On 5 Dec 2007, at 04:26, Emil Ong wrote:
That's exactly right. One of the motivations that I didn't really go
into is also that this change makes it much easier to write a
streaming
reader when dealing with non-blocking I/O. That is to say, it makes
reading much easier for Flash ;-). Flash is completely non-blocking
and
if we didn't know where object boundaries were, we would have to
restart
parsing objects every time we received data. Putting things in
packets
basically gives the encoded length of the object, which means we don't
need a stateful parser. We can just buffer until the whole object is
there, then use the existing parser on that buffer.

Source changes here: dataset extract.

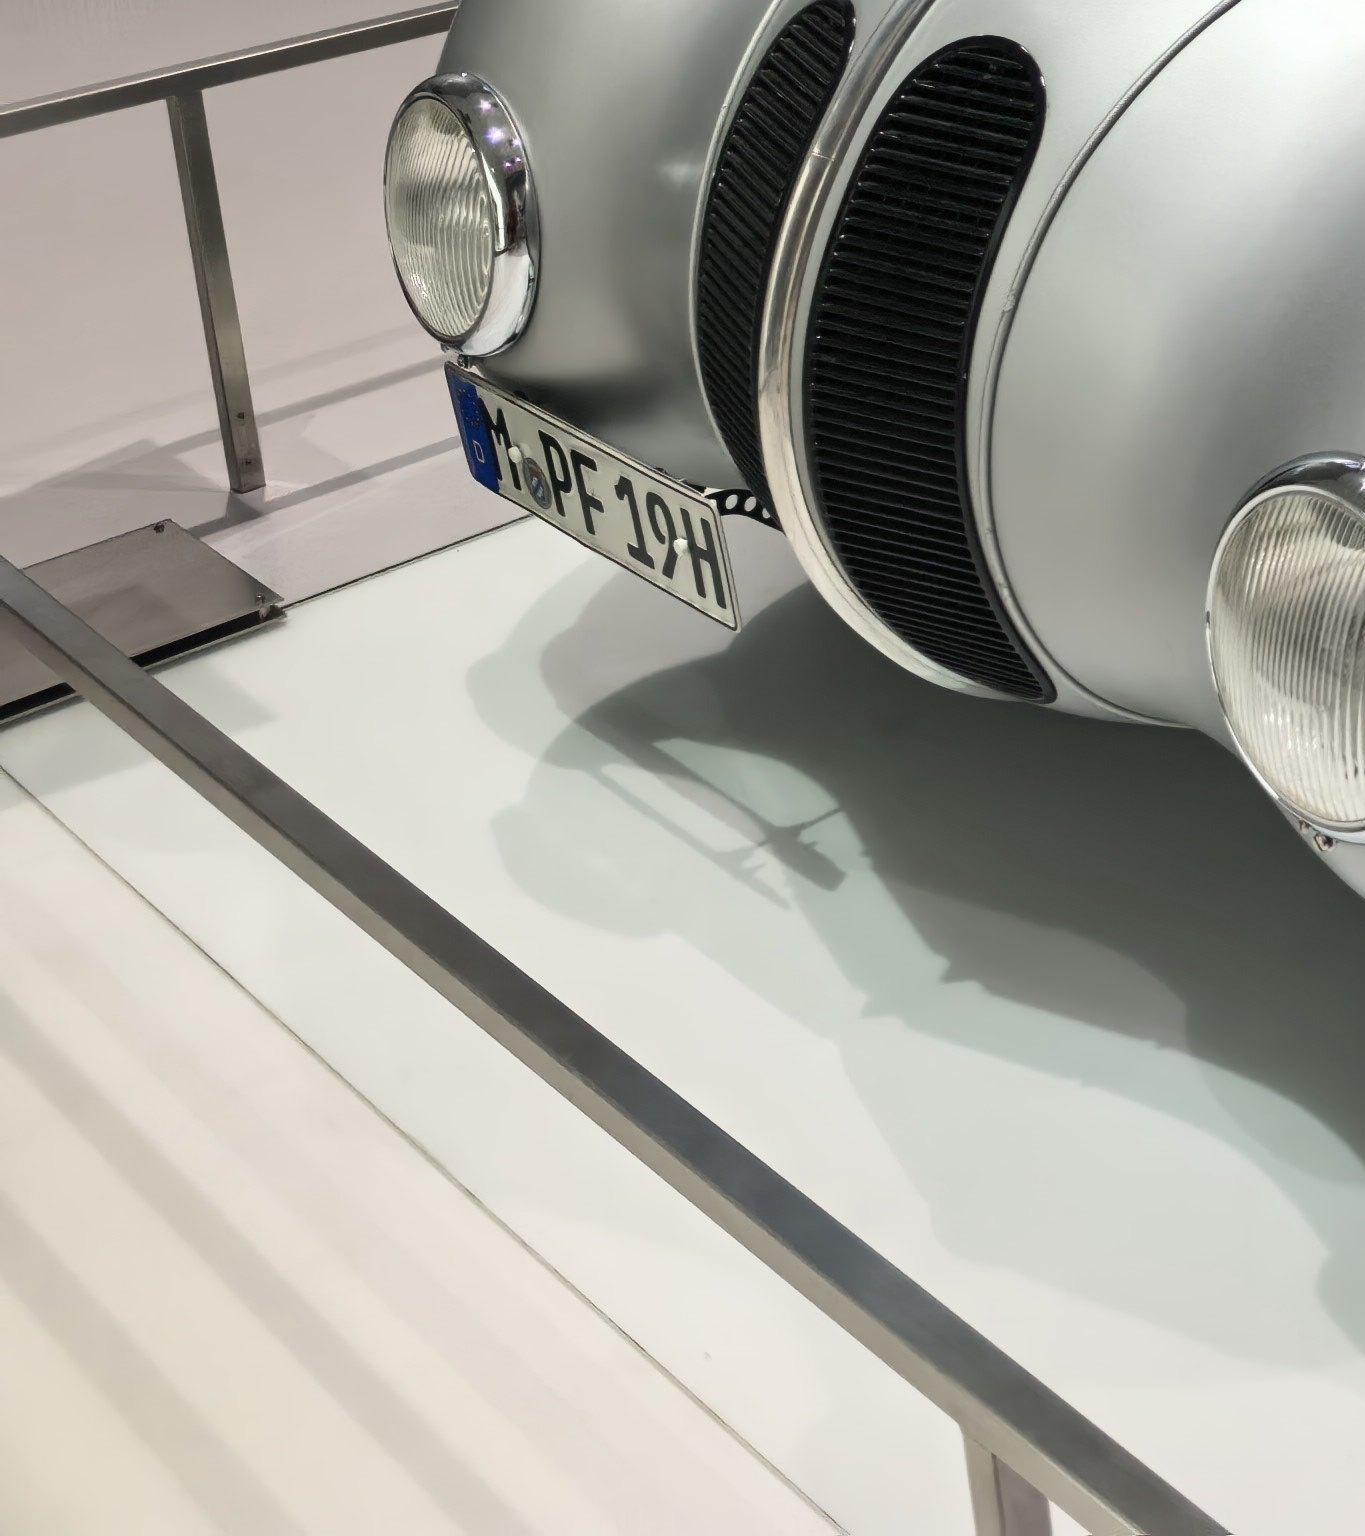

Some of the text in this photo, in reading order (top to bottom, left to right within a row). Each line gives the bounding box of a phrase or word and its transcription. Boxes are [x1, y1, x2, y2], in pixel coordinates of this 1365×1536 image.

[477, 396, 728, 610] M PF 19H

Fine, AS3 only runs in a single thread which limits it's IO handling
capabilities to only being able to respond to asynchronous events. But
what happens when the socket that the Flash VM is listening to sends a
progress event before it itself has buffered at least enough data to
completely consume at least one of the Hessian packet messages you are
sending it? The following socket event handler illustrates what I am
talking about:
private function onSocketData(event:ProgressEvent):void {
while (sock.bytesAvailable > 0) {
// Marker will be the P code
marker = input.readUnsignedByte();
length = input.readUnsignedShort();
// What happens when sock.bytesAvailable < length ?
}
}
As far as simplicity, I think given the goal of giving the encoded
object length, this approach is about as bare-bones as you can get.
Granted. But the question I was asking was whether you actually really
need the encoded object length. If you answer yes to that question,
then I agree, this approach is fine.